我正在尝试创建一个函数,该函数接受字母中连续字符的数组输入,如果有一个则返回缺失的字母(只有1个缺失的字母,并且数组中的每个元素都将按字母顺序列出)。
示例输入:
['a', 'b', 'c', 'e'] -> 'd'
['l', 'n', 'o', 'p'] -> 'm'
['s', 't', 'u', 'w', 'x'] -> 'v'
const findMissingLetter = () => {
const stepOne = (array) => {
for (let i = 0; i < array.length; i++) {
let x = array.charCodeAt(i + 1);
let y = array.charCodeAt(i);
if ((x - y) != 1) {
return (array.charCodeAt[i] + 1);
}
}
}
}
return findMissingLetter(stepOne.fromCharCode(array));
我试图做的是遍历数组的每个索引,并将每个字符转换为unicode。如果数组中的[i + 1]-[i]元素等于1,则不会丢失字母。但是,如果它不等于1,那么我想返回[i] + 1的unicode,然后通过高阶函数将unicode输出转换回字母中的相应字符。

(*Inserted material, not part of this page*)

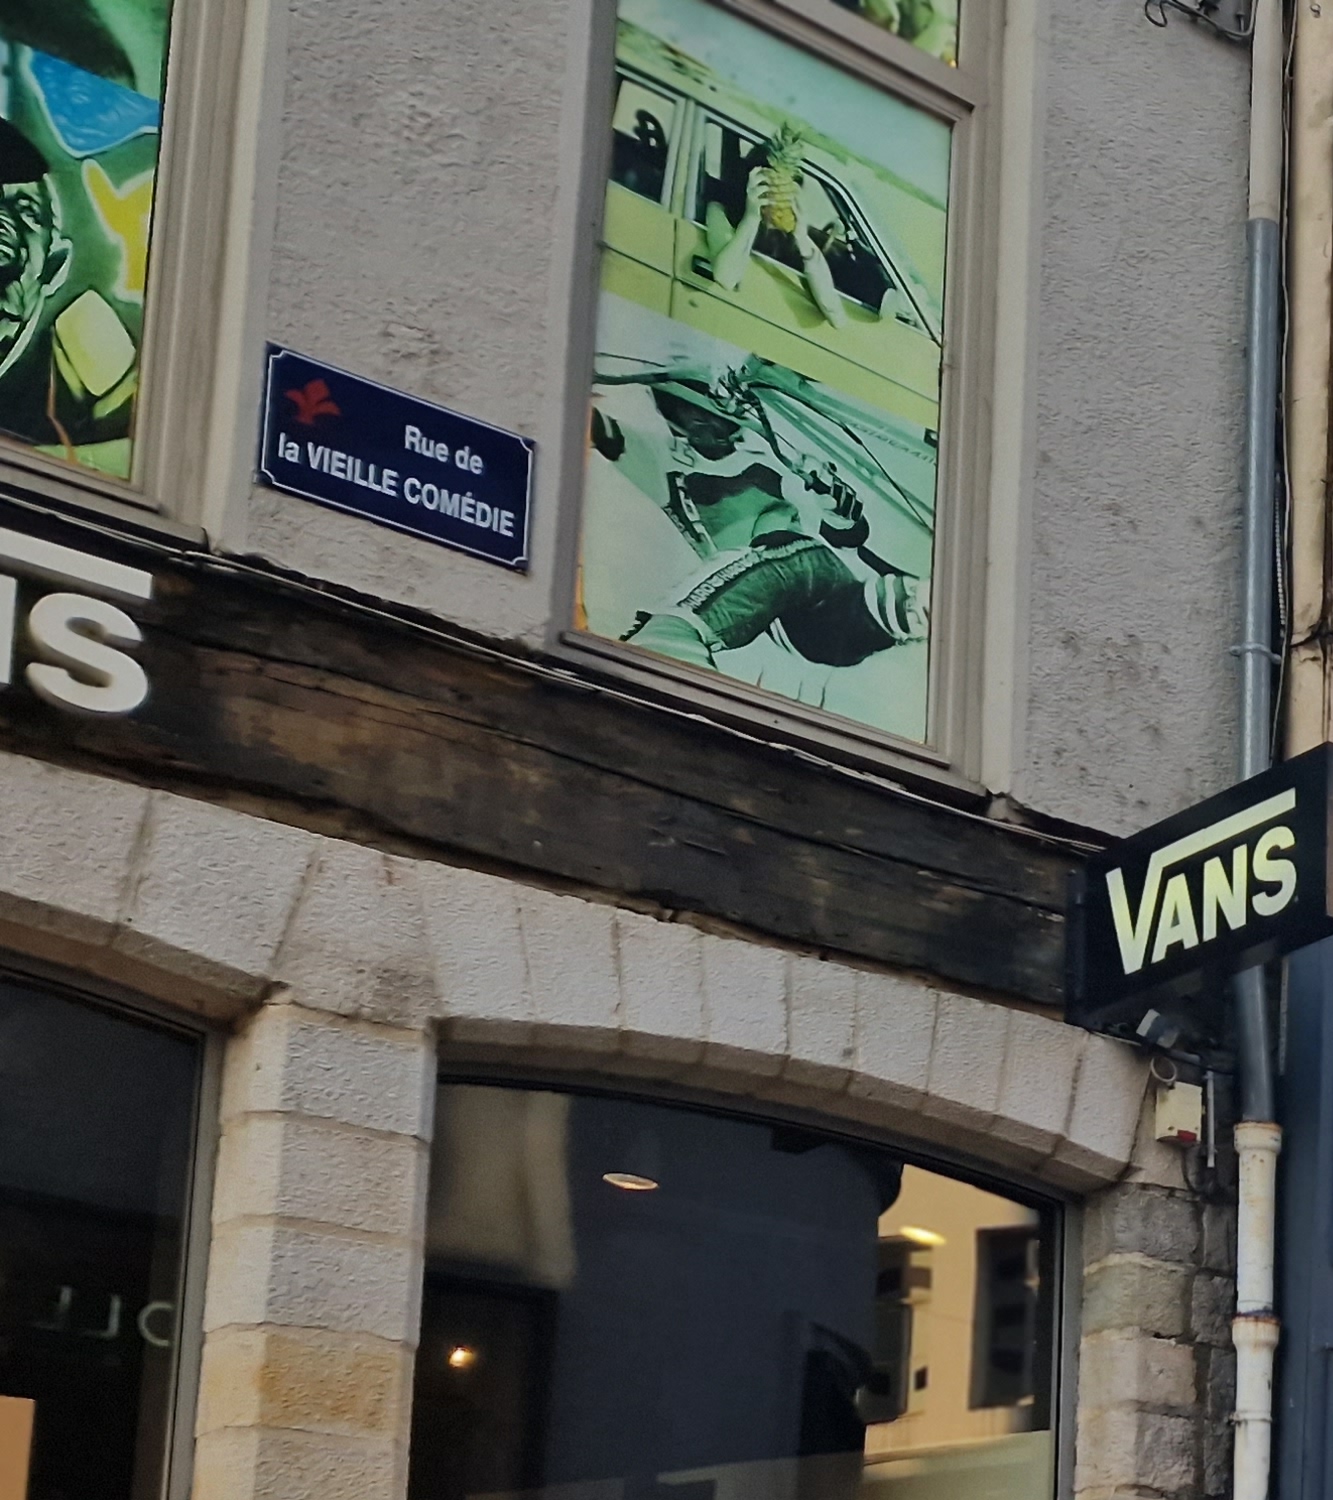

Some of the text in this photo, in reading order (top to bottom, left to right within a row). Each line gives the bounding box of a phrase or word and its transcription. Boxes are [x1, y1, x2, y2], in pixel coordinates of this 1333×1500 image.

[278, 432, 515, 538] la VIEILLE COMÉDIE
[404, 424, 485, 475] Rue de
[1105, 787, 1296, 975] VANS

有人可以解释我在做什么错吗?我知道我没有正确调用函数。
谢谢!
答案 0 :(得分:1)
字符串方法.charCodeAt()在数组上不起作用。您需要在每个字符上使用它,并在位置0(默认)上获取代码:
const findMissingLetter = (array) => {
// we can skip the 1st letter
for (let i = 1; i < array.length; i++) {
// get the char code of the previous letter
const prev = array[i - 1].charCodeAt();
// get the char code of the current letter
const current = array[i].charCodeAt();
if (current - prev !== 1) { // if the difference between current and previous is not 1
// get the character after the previous
return String.fromCharCode(prev + 1);
}
}
return null; // if nothing is found
}
console.log(findMissingLetter(['a', 'b', 'c', 'e'])); // d
console.log(findMissingLetter(['l', 'n', 'o', 'p'])); // m
console.log(findMissingLetter(['s', 't', 'u', 'w', 'x'])); // v
console.log(findMissingLetter(['a', 'b', 'c'])); // null
另一个使用Array.findIndex()查找丢失字符的解决方案:
const findMissingLetter = (array) => {
const index = array
.slice(1) // create an array with 1st letter removed
.findIndex((c, i) => c.charCodeAt() - array[i].charCodeAt() > 1); // compare current letter and the same index in the original array 'till you find a missing letter
return index > -1 ? // if we found an index
String.fromCharCode(array[index].charCodeAt() + 1) // if index was found return next letter after the last letter in a sequence
:
null; // if index wasn't found
};
console.log(findMissingLetter(['a', 'b', 'c', 'e'])); // d
console.log(findMissingLetter(['l', 'n', 'o', 'p'])); // m
console.log(findMissingLetter(['s', 't', 'u', 'w', 'x'])); // v
console.log(findMissingLetter(['a', 'b', 'c'])); // null
答案 1 :(得分:0)
使用英文字母,您可以使用带有字母的数组,并检查传递的数组中的每个字母。
let findMissing = (arr) => {
let alpha = ['a', 'b', 'c', 'd', 'e', 'f', 'g', 'h', 'i', 'j', 'k', 'l', 'm', 'n', 'o', 'p', 'q', 'r', 's', 't', 'u', 'v', 'w', 'x', 'y', 'z'];
let j = alpha.indexOf(arr[0]);
for (let i = 0; i < arr.length; i++) {
if (arr[i].toUpperCase() !== alpha[j].toUpperCase()) return alpha[j];
j++;
}
return "";
}
console.log(findMissing(['a', 'b', 'c', 'e']));
console.log(findMissing(['l', 'n', 'o', 'p']));
console.log(findMissing(['s', 't', 'u', 'w', 'x']));
console.log(findMissing(['s', 't', 'u', 'v', 'w']));
答案 2 :(得分:0)
我提供了这样的解决方案:
const alphabet = 'abcdefghijklmnopqrstuvwxyz'.split('');
const findMissing = (arr) => {
const start = alphabet.indexOf(arr[0]);
const end = alphabet.indexOf(arr[arr.length-1]);
const sliced = alphabet.slice(start, end + 1);
return sliced.filter((letter) => !arr.includes(letter));
};
console.log(findMissing(['a','b','c','e','h']));
console.log(findMissing(['h','j','l','p']));
console.log(findMissing(['s','t','v','z']));
这将返回在开头和结尾字母之间的缺少字母的数组。